U.S. 2 Year Yield vs SOFR




So, now that he has lost control of the market, what can Kevin Warsh possibly do to lower rates? The market has given up on Trump's sock puppet Fed Chair already! Today's 10-year auction had better go well, or a 5-handle may spook the bulls further. I'm watching the 3-month T-Bill closely here - anything above 4% would constitute an outright sell signal for risk assets.


And the CPI print this morning confirmed inflationary pressures are seeping into the U.S. economy. Although headline inflation was above 4%, core CPI is still below 3.0%. But the pass-through of energy and food prices is still building into the numbers, which are higher than expected. The Federal Reserve likely won't hike, as Warsh & Co. will continue to look past these numbers. But any thoughts of "easing" anytime soon are wishful thinking. Hey, wasn't that one of the catalysts for the market rally earlier this year?

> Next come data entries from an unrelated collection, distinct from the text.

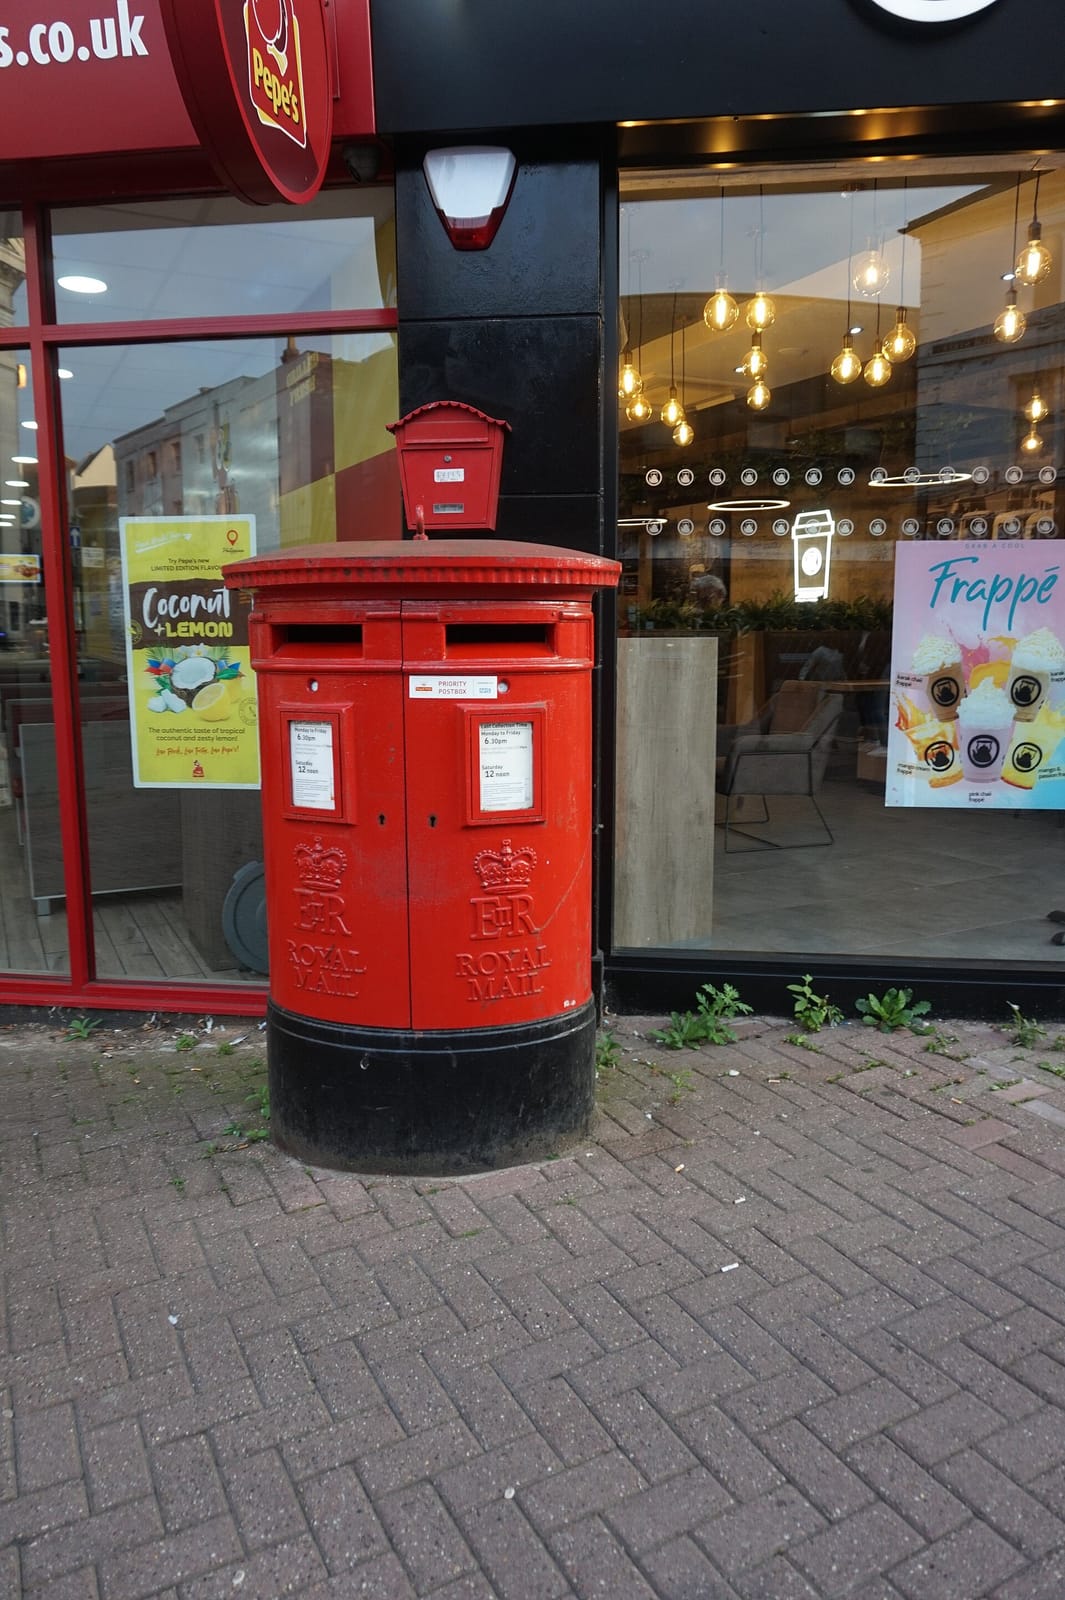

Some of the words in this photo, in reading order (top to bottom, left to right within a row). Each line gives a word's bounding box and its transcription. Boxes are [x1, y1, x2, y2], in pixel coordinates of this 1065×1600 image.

[253, 47, 299, 124] Pepe's
[143, 586, 230, 629] Coconut
[928, 556, 1061, 632] Frappé
[298, 765, 306, 773] 12
[485, 770, 494, 778] 12
[287, 939, 367, 974] ROYAL
[456, 944, 552, 976] ROYAL
[294, 965, 359, 998] MAIL
[467, 971, 544, 1001] MAIL
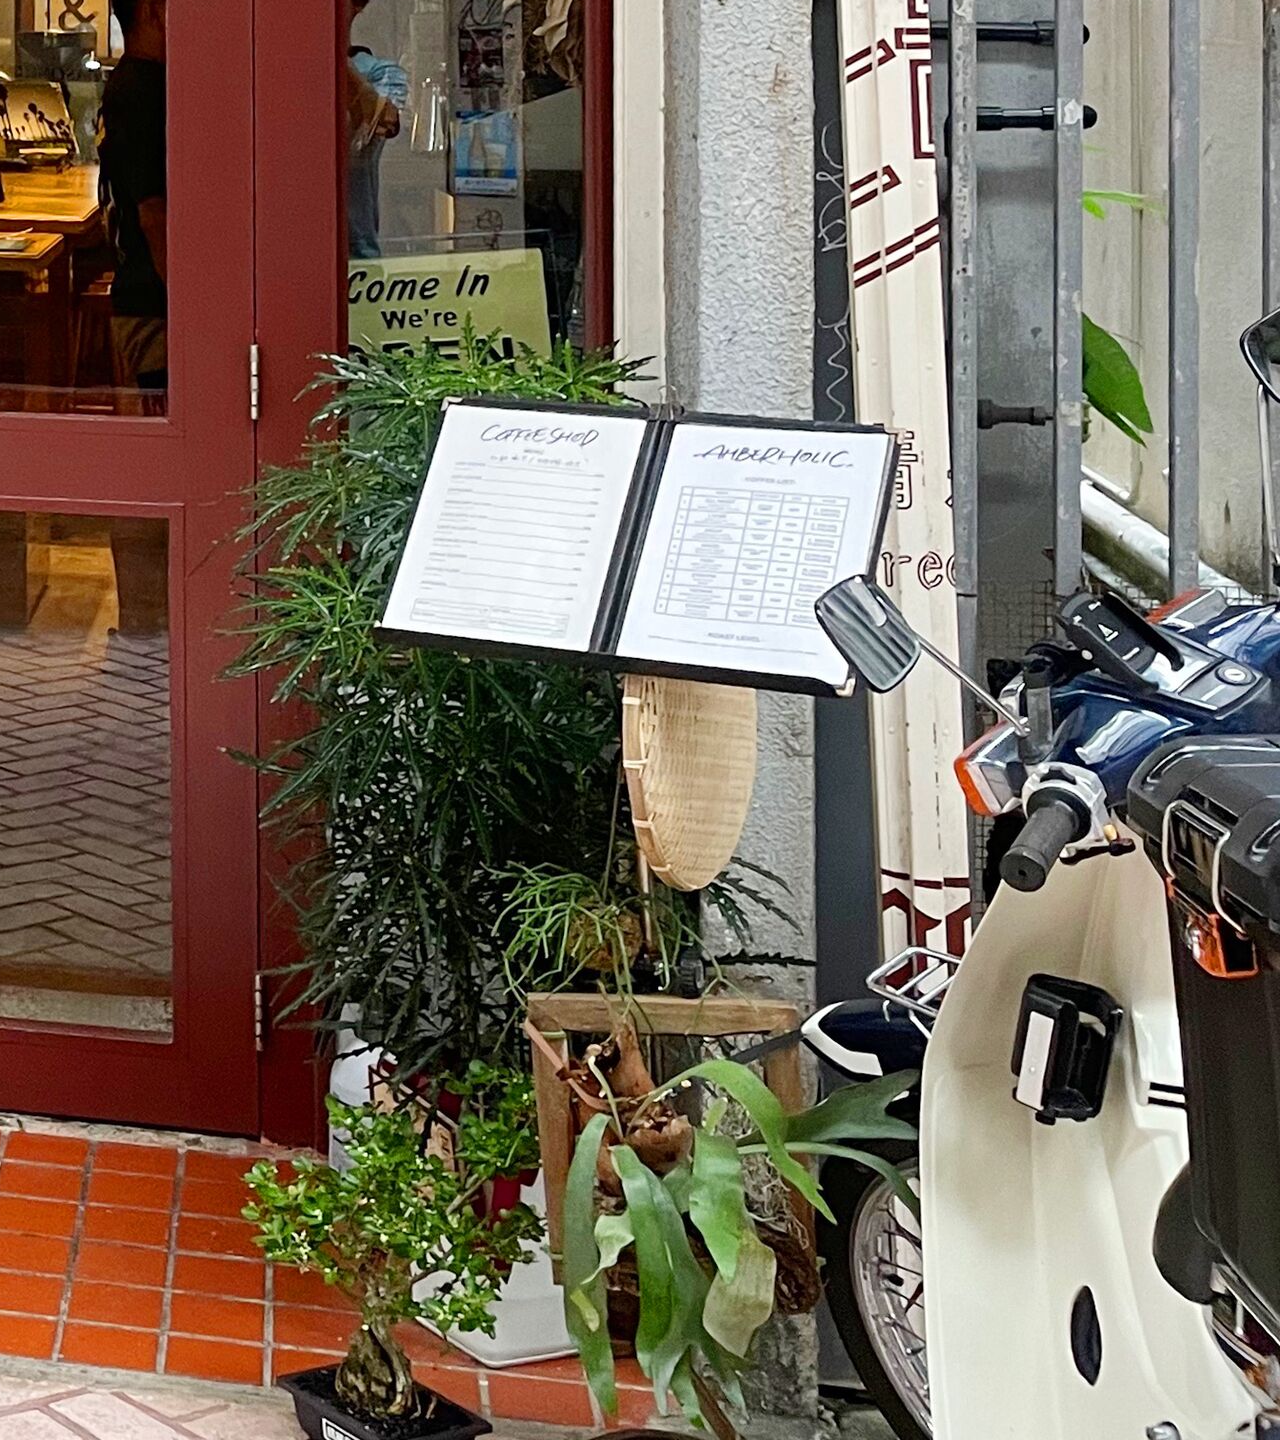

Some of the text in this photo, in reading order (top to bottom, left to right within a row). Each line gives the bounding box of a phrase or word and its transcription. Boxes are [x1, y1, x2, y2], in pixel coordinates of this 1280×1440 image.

[348, 264, 490, 305] Come In
[380, 308, 458, 330] We're

So how does the annual 'sell in May, and go away' play out this year after spectacularly failing to work last year? Your guess is as good as mine, but the AI momentum jockeys are whistling past the graveyard now that the money markets have turned against them. And a quick resolution to the Iran debacle looks doubtful, especially if the Trump-Xi summit goes sideways on Thursday as I expect.


I still recommend holding/building some dry powder despite the Index-level bullishness. The breadth and volume confirmation indicators are flashing a warning as the few remaining performance chasers ride the last of the positive seasonality.


Bulls make money, Bears make money, Pigs get slaughtered. If you are still playing this rally from here, I suggest you have a hair trigger on the button. Oh, and it's orange, too.



Risk Model: 5/5 - Risk On


With the RSI at 56 and the XIUs only 8% above their 200 moving average, you aren't getting any sell signals here. The AAII Sentiment is in a momentum-chasing recovery mode, and the 3-month VXV is surprisingly well contained despite the headline risks. The Model is likely to change on any negative headline, as both sentiment and implied volatility could reverse sharply. Again - the hair trigger environment at work!


Copper/Gold is interesting. Despite the global energy shock, supply-side effects are driving prices higher. Major mine expansions have been slow, and Chinese inventories have been dropping sharply. Although the ratio has definitely broken out, it is a bit extended. Given the recent history of head-fakes in this relationship, I'd like to see more work before I call a trend change - especially since copper seems to be the hard asset of choice for punters playing the AI bubble now that Bitcoin and Gold have corrected. Despite that hype, a seasonal high in copper is likely, especially given speculators' excessive positioning.



Copper/Gold




Looking at the Nasdaq ETF - QQQ - here at an extended level above its 200-day moving average. It's currently reading 18%, a level that rarely holds.

Although Dot-Com-era comparisons are popular, it remains well below that level of froth. Still, it won't stay here for long if this chart is any guide.